91 Entertainment Weekly
Linklater has hardly been a slacker this year. I'll take the tricky confrontational babble of Tape over some of the gauzier soliloquies in ''Waking Life,'' but either way, he's a filmmaker in love with the music of talk, and let's bless him for that.
90 New York Magazine
Linklater must have recognized a kindred spirit when he read Belber's play. He's given us a reality-fantasy game, a psychodrama, a harangue, and a detective story all rolled into one.
90 Variety
Emphasis on its combustible emotions, suspense and surprising humor should help draw sophisticated audiences who, once lured, will quickly find themselves hooked for the duration.
89 Austin Chronicle
This is what great dialogue -- and by extension great movies -- is made of.
88 Chicago Sun-Times
The writing, acting and direction are so convincing that at some point I stopped thinking about the constraints and started thinking about the movie's freedoms.
88 Boston Globe
Smart, unpredictable, and alive with the energies of actors who clearly are enjoying being stretched by their material.
88 Philadelphia Inquirer
A super-taut and superbly acted three-character piece.
80 Slate
No wonder Hawke was so hot to pass the script onto Linklater. He's superb, by the way.
80 Los Angeles Times
Thoroughly engrossing.
80 Chicago Reader
None of the characters emerges as very sympathetic.
80 The New York Times
In portraying this threesome, Ethan Hawke, Robert Sean Leonard and Uma Thurman give the most psychologically acute performances of their film careers.
80 Village Voice
The movie takes shape as an entertaining psychological armwrestle between rank belligerence and blustery condescension.

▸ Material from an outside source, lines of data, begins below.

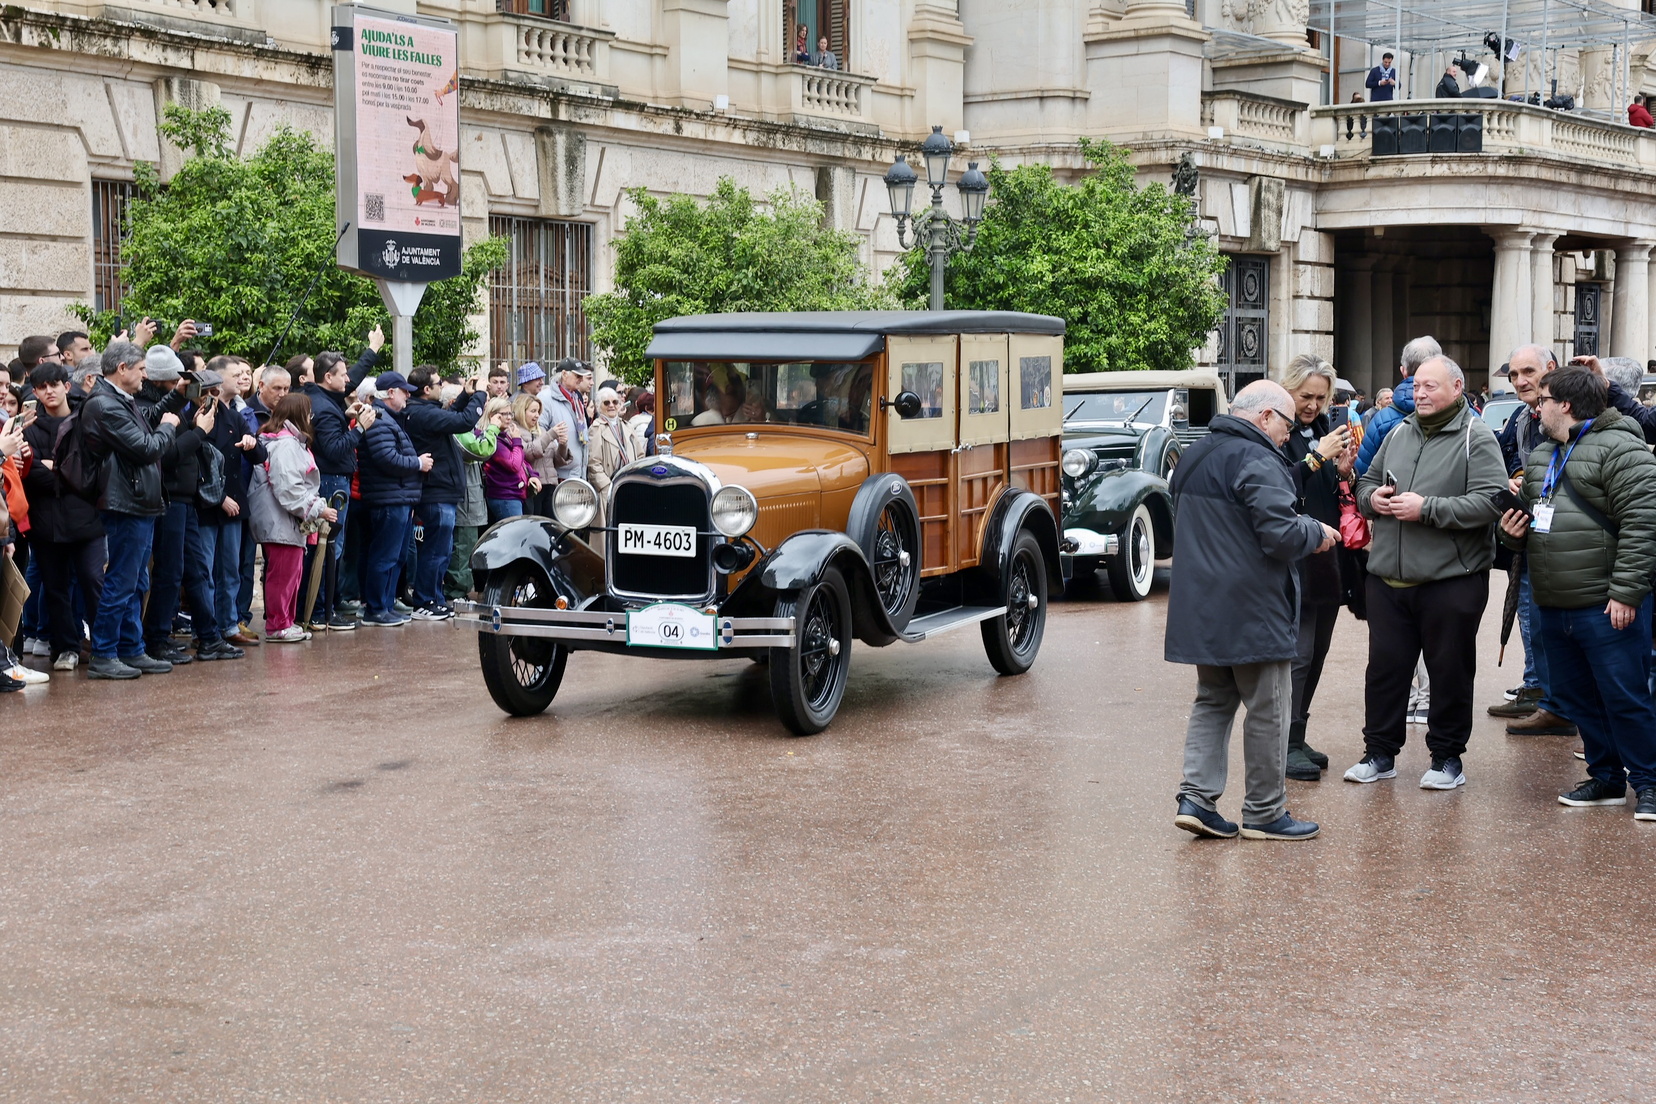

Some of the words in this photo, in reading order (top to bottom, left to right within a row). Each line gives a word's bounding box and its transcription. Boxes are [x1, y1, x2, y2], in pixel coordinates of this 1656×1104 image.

[361, 28, 405, 46] AJUDA'LS
[407, 36, 414, 47] A
[361, 43, 391, 58] VIURE
[393, 48, 409, 61] LES
[410, 51, 442, 67] FALLES
[402, 246, 440, 256] AJUNTAMENT
[411, 256, 440, 266] VALÈNCIA
[668, 420, 674, 429] H
[624, 530, 691, 551] PM-4603
[664, 625, 679, 638] 04

75 Christian Science Monitor
Linklater keeps it lively with imaginative camerawork and razor-sharp editing.
75 San Francisco Chronicle
Hawke is the movie's revelation.
75 Chicago Tribune
Tape may not be a great movie, but it's a great demonstration of creativity within severe limitations.
75 New York Daily News
An entertaining, post-modern mulling of the nature of truth, and whether truth is ever so fixed that it can be captured on tape.
67 Seattle Post-Intelligencer
Unfortunately can't transcend its theatrical roots and the actors, good as they are, seem like they're grandstanding.
63 New York Post
For all of Linklater's acrobatic camera moves, you never quite escape the feeling you're watching a barely adapted TV version of a somewhat gimmicky stage play.
60 New Times (L.A.)
For three jerks bitching in a box, Tape makes the most of its minimalism. At its best, it's Betrayal for the Breakfast Club set.
60 TV Guide
The action is confined to a single set and atmosphere is appropriately claustrophobic, but the image quality is harsh and flat. This accentuates the oppressive meanness of Vince's hotel room, but makes for some unpleasant viewing.
60 Washington Post
The smart but slight film implodes under the weight of its own "excessive linguistic pressure."
60 Film Threat Anthony Miele
Overall, Tape is an interestingly staged play that, with the proper actors could have made a great film, instead of an adequate one.
58 Portland Oregonian
The best thing about the film is the acting of the guys.
50 Baltimore Sun
Despite its adrenalized actors, Tape is a tired return to the roots of the American indie movement's popular surge a dozen years ago. It could have been called "sex, lies and audiotape."
40 LA Weekly
A tedious exercise in ethical hand wringing.
20 Washington Post
A typical student film with its arty angles, bad lighting and pretentious observations.